My Cousin Rachel, by Daphne Du Maurier, is the story of one such woman and the disaster she wreaks in the lives of two men. Philip Ashley is orphaned at a young age and his cousin Ambrose, twenty years his senior, brings him up as his ward and his heir. At forty-three years of age, it seems unlikely that Ambrose will ever marry. But when his doctors send him to Italy to improve his health, Ambrose makes the acquaintance of a distant relative of his, a young widow named Rachel. Thrown together by their mutual passion for gardening, Ambrose becomes enamored with Rachel. Philip learns in a letter that his cousin and mentor has married and will not be returning home to England for some time.

Jealous of Ambrose’s new relationship, Philip sulks at home on the estate, his mind painting pictures of Rachel as a harpy, a monster, or worse. Ambrose’s letters become fewer and farther between till all of a sudden a startling epistle arrives. Ambrose’s distorted handwriting informs Philip that he is sick, perhaps unto death, and contains veiled intimations that his wife Rachel might be the one responsible for his sickness. Philip races to Florence but comes too late. Ambrose is dead, Rachel is gone, and no one can enlighten him as to her whereabouts. He returns home a sad man, but still the heir to Ambrose’s estate and fortune.

Weeks later the mysterious Rachel shows up in England to bring back her deceased husband’s personal effects. Philip, influenced by the paranoia in Ambrose’s last letter, has grown to hate the very thought of her. He is surprised to discover that she is merely an ordinary–and very likeable–woman. He invites her to stay for a while at the estate to meet the tenants and see the home that Ambrose loved so much. As the weeks go by, his liking for Rachel grows and grows. Scraps of unfinished letters by Ambrose surface directly accusing his wife of poisoning him, but by now Philip is too infatuated to pay them any attention. He is no longer interested in investigating whether Rachel murdered her husband, until the question finally arises: does she intend to do the same thing again?

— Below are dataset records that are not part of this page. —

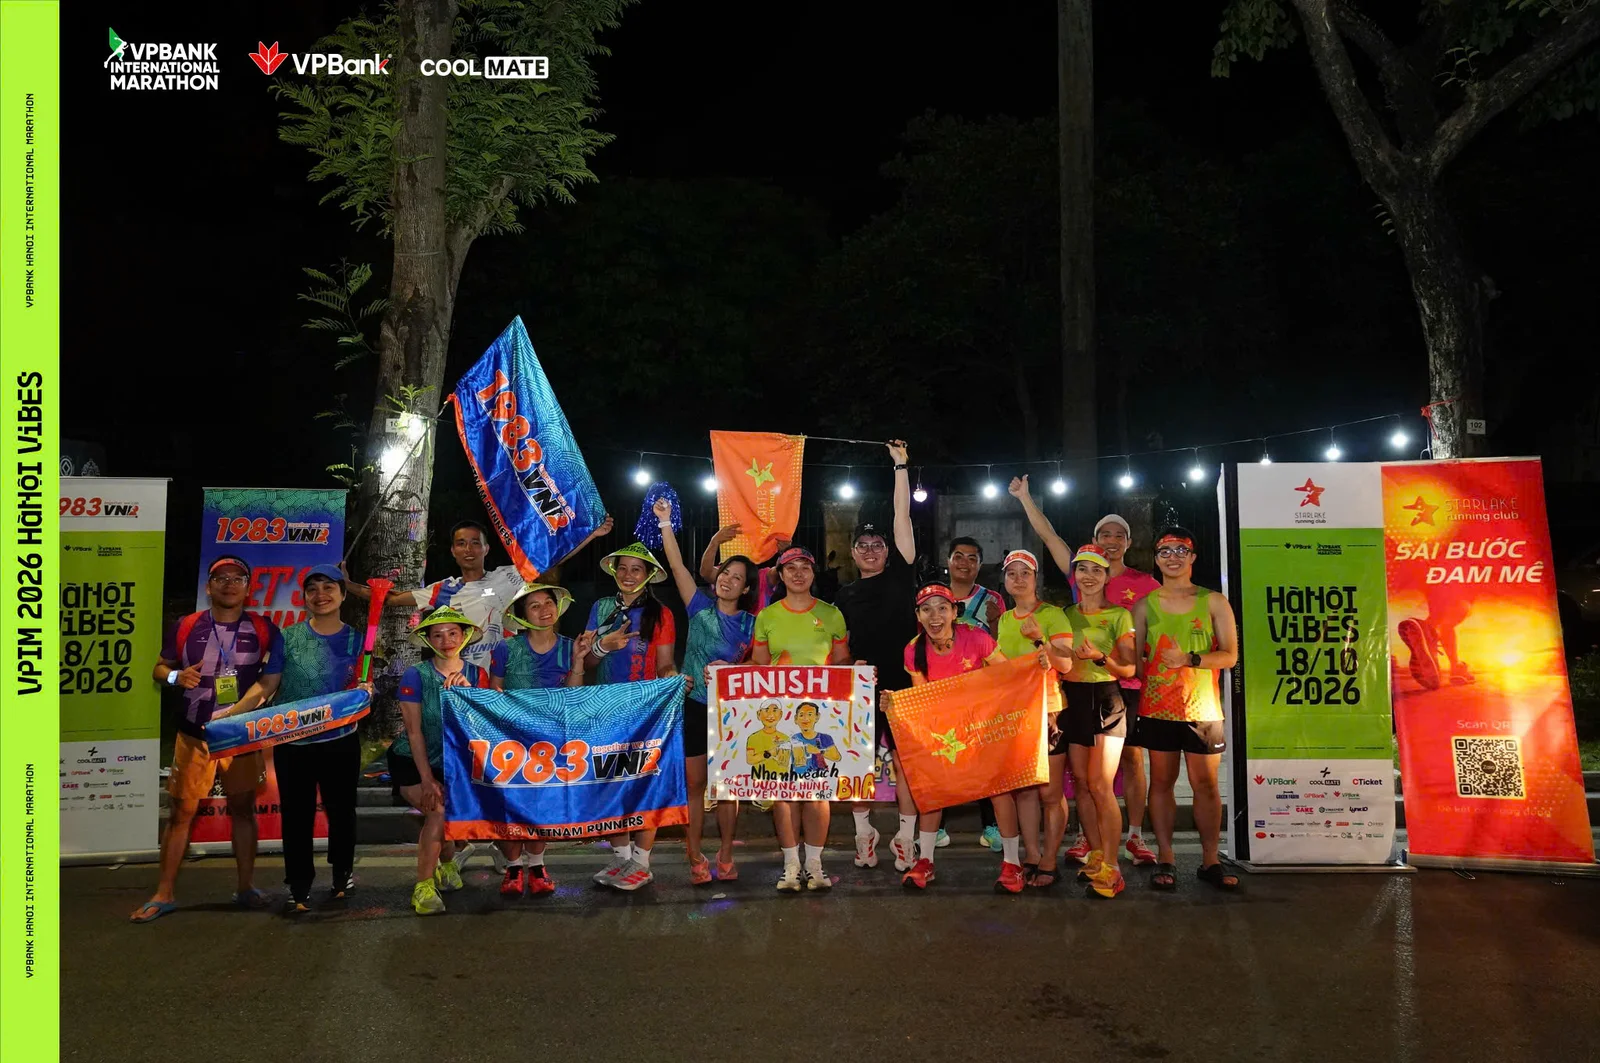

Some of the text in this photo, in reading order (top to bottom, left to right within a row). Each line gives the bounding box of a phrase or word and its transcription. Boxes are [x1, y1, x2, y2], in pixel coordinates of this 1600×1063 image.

[477, 369, 543, 472] 1983
[59, 497, 103, 516] 983
[1445, 497, 1518, 512] STARLAKE
[1447, 511, 1519, 522] running club
[216, 517, 287, 542] 1983
[1445, 537, 1527, 559] BƯỚC
[1426, 561, 1545, 584] ĐAM MÊ
[243, 566, 314, 607] ET'S
[59, 608, 136, 636] iBES
[1276, 647, 1358, 675] 18/10
[728, 669, 829, 696] FINISH
[1272, 677, 1361, 705] /2026
[245, 709, 299, 741] 1983
[1456, 720, 1488, 729] Scan
[468, 739, 590, 785] 1983
[836, 772, 875, 800] BIA
[526, 826, 582, 837] VIETNAM
[587, 815, 643, 832] RUNNERS

I’ve been progressing at a snail’s pace through most of my books these days, a chapter here and there whenever I can fit it in. This book, however, only took me two days to complete. Written in the same suspenseful voice as Du Maurier’s masterpiece Rebecca, the book keeps you enthralled till the very end. The characters and settings are well described and memorable, and Ambrose Ashley’s line, “Rachel, my torment,” will echo with you long after you have closed the cover.